The European Parliament study by Thorsten Beck, Brunella Bruno, and Elena Carletti argues that geopolitical shocks differ fundamentally from traditional macroeconomic downturns. They are multi-channel, persistent, and capable of destabilizing financial systems through funding markets, trade flows, and operational networks simultaneously.
The report states that “major geopolitical shocks raise funding costs, weaken bank stability, and disrupt financial infrastructure.” It further noted that “banks reallocate rather than withdraw—cutting cross-border lending but maintaining affiliate activity.” This implies risk redistribution rather than risk elimination. The paper identifies three primary transmission channels through which geopolitical shocks reach bank balance sheets: financial markets (uncertainty-driven funding cost spikes and mark-to-market losses), the real economy (supply chain and trade disruption that weakens borrower repayment capacity), and the safety and security channel (cyberattacks and infrastructure disruption that threaten operational resilience). Crucially, these channels do not operate independently — they interact and amplify one another, creating feedback loops and systemic spillovers across borders.

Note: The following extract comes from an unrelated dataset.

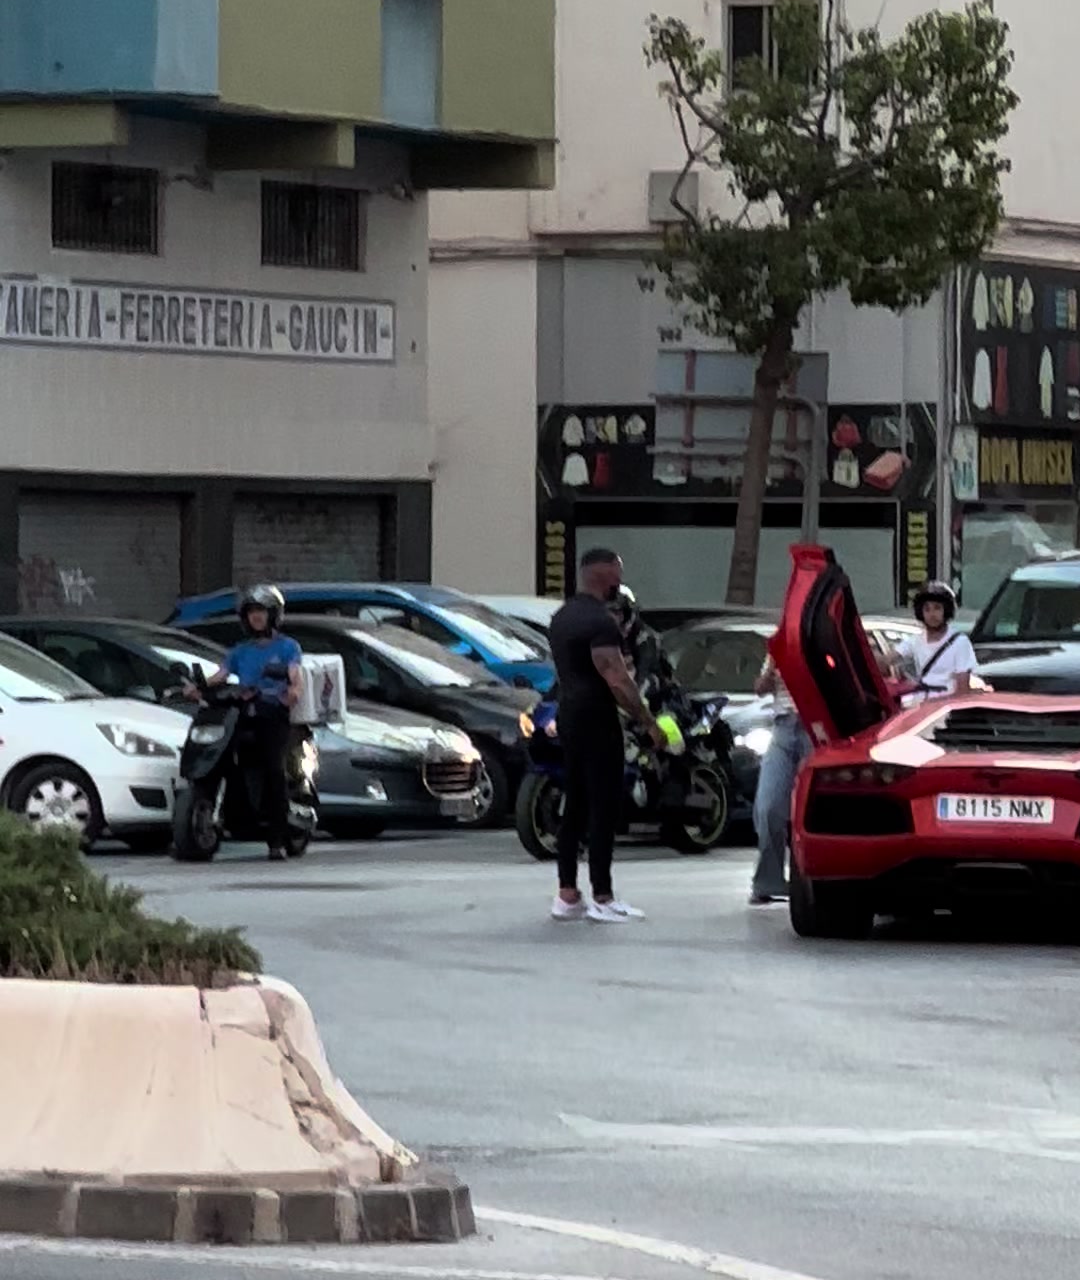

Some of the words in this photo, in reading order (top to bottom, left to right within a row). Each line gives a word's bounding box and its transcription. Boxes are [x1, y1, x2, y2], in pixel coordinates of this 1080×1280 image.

Drawing on 120 years of bank-level data from 17 countries, the paper quantifies the solvency threat: a two-standard-deviation increase in geopolitical risk is associated with a decline of approximately 0.2 percentage points in the capital-to-asset ratio. The relationship is non-linear — moderate geopolitical risk has limited solvency effects, but extreme shocks erode capital ratios meaningfully. This non-linearity is precisely why conventional stress test scenarios, calibrated to historical recessions, may systematically underestimate geopolitical tail risk. On the supervisory response, the paper argues that releasable capital buffers (which can be released during stress to preserve credit supply), scenario-based supervision, and reverse stress testing are the priority tools. Hybrid approaches that combine supervisory frameworks with banks’ own granular assessments of geopolitical exposure are described as “especially valuable given the inherently unpredictable nature of geopolitical risk.”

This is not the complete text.